Records for this exercise START

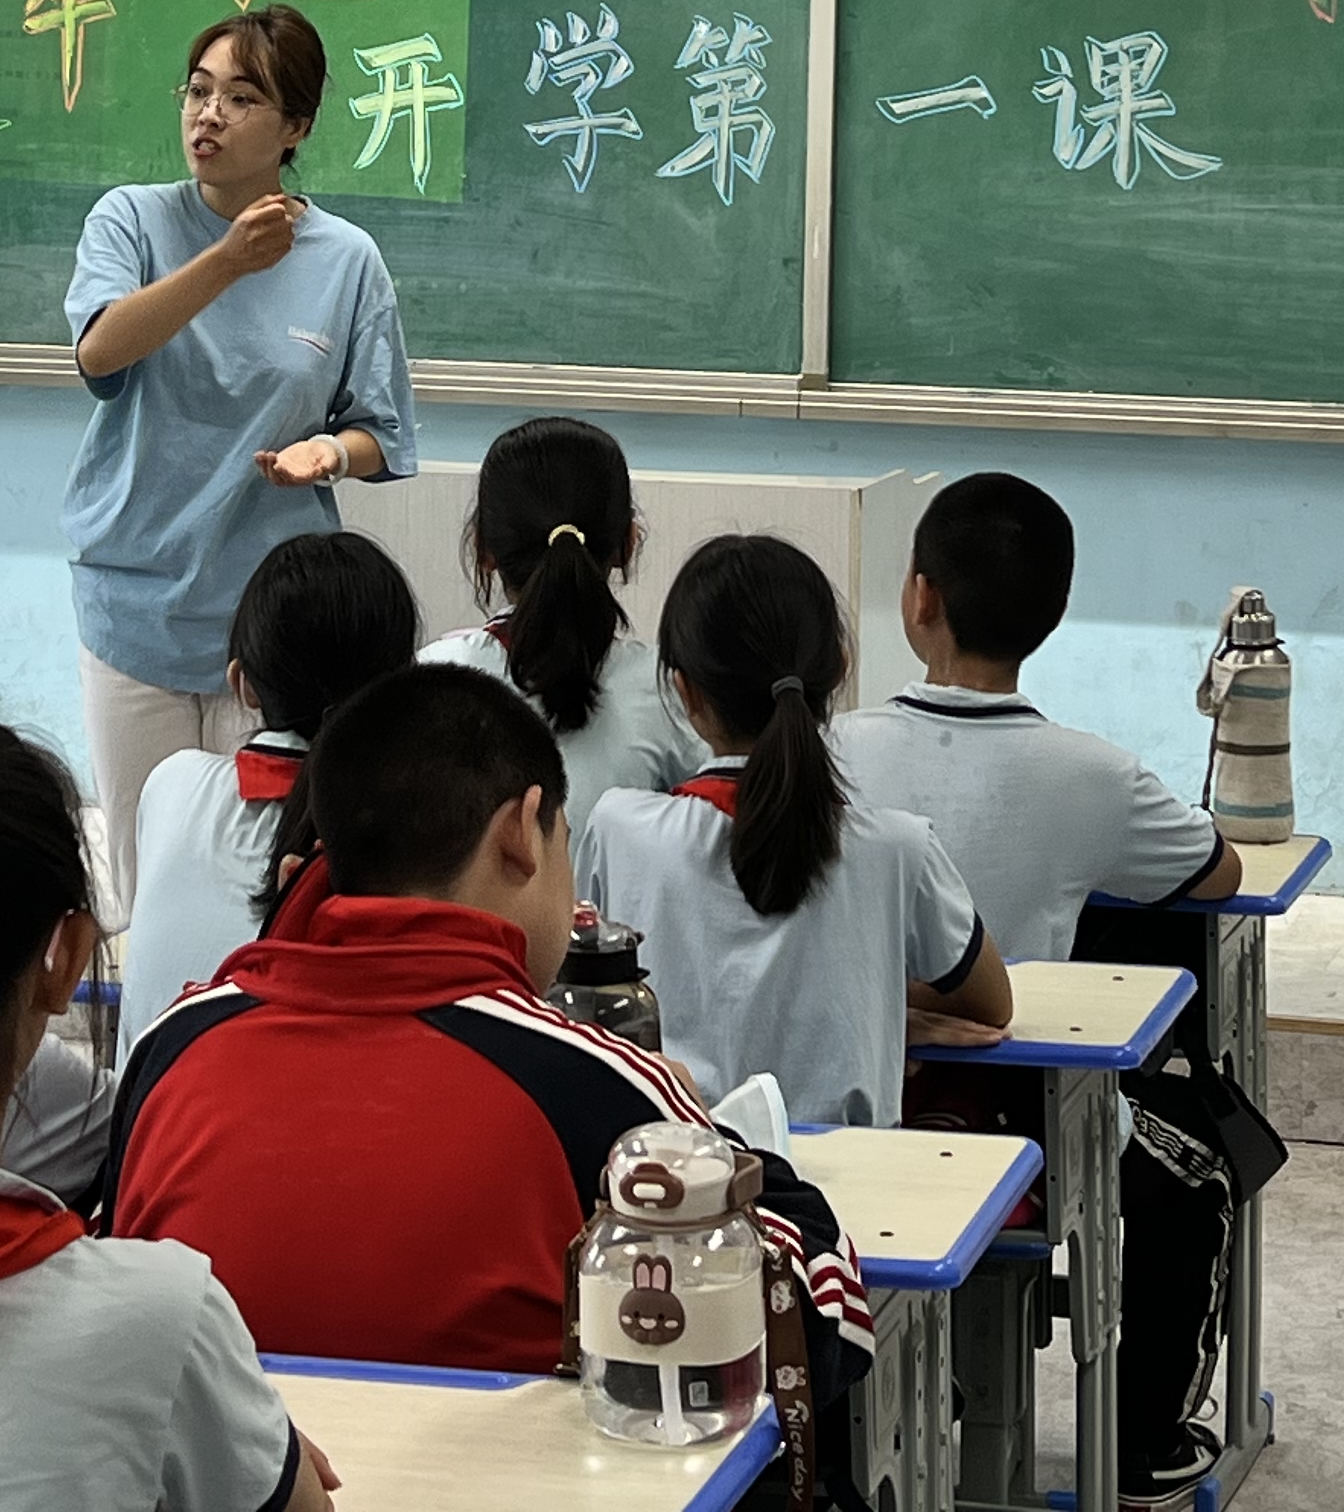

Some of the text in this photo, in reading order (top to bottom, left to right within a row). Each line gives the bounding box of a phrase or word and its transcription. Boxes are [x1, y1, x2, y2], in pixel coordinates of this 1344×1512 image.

[348, 1, 1222, 205] 开学第一课
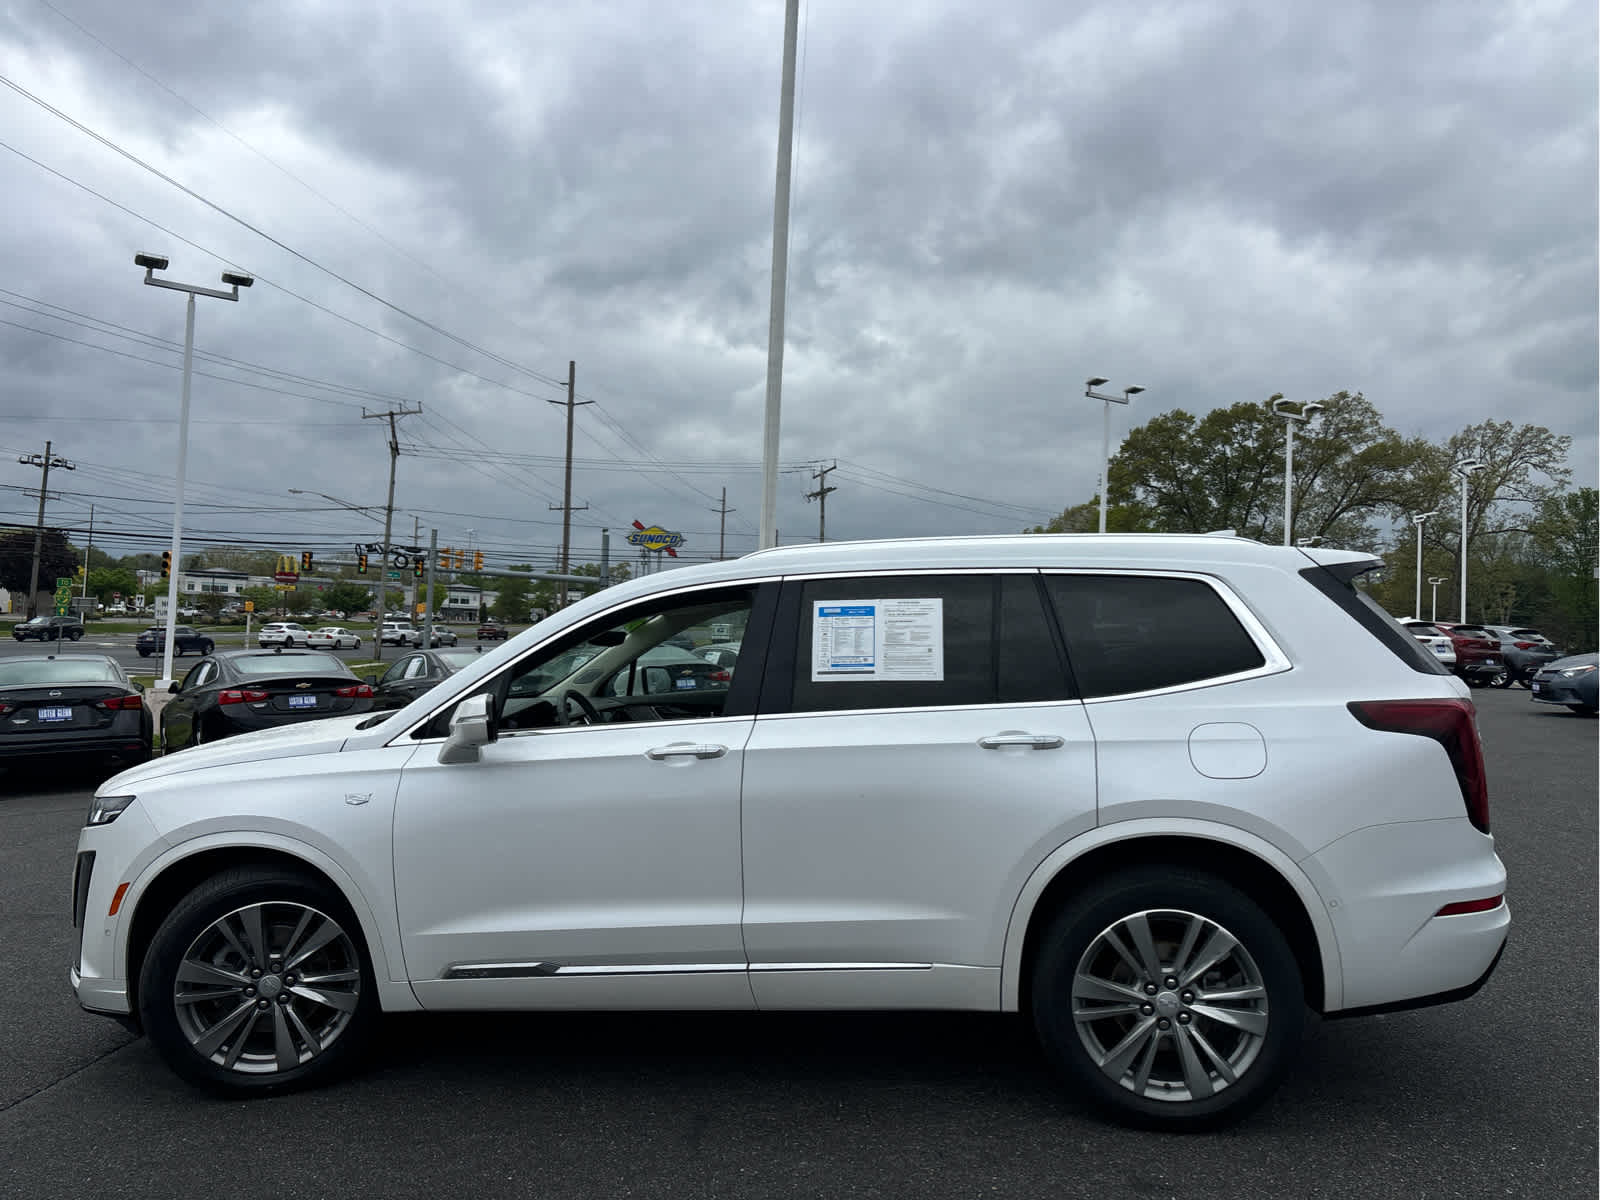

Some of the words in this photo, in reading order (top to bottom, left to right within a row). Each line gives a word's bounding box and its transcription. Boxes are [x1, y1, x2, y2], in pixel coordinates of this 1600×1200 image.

[631, 534, 678, 543] SUNOCO
[39, 708, 56, 717] LESTER
[57, 708, 72, 716] GLENN

Records for this exercise END

## Task to complete
A faithful copy of the lines from the line containing "Some of the words" to the end of the data should be set down, both ends included, and nothing more.

## Problem solution
Some of the words in this photo, in reading order (top to bottom, left to right within a row). Each line gives a word's bounding box and its transcription. Boxes are [x1, y1, x2, y2], in pixel coordinates of this 1600×1200 image.

[631, 534, 678, 543] SUNOCO
[39, 708, 56, 717] LESTER
[57, 708, 72, 716] GLENN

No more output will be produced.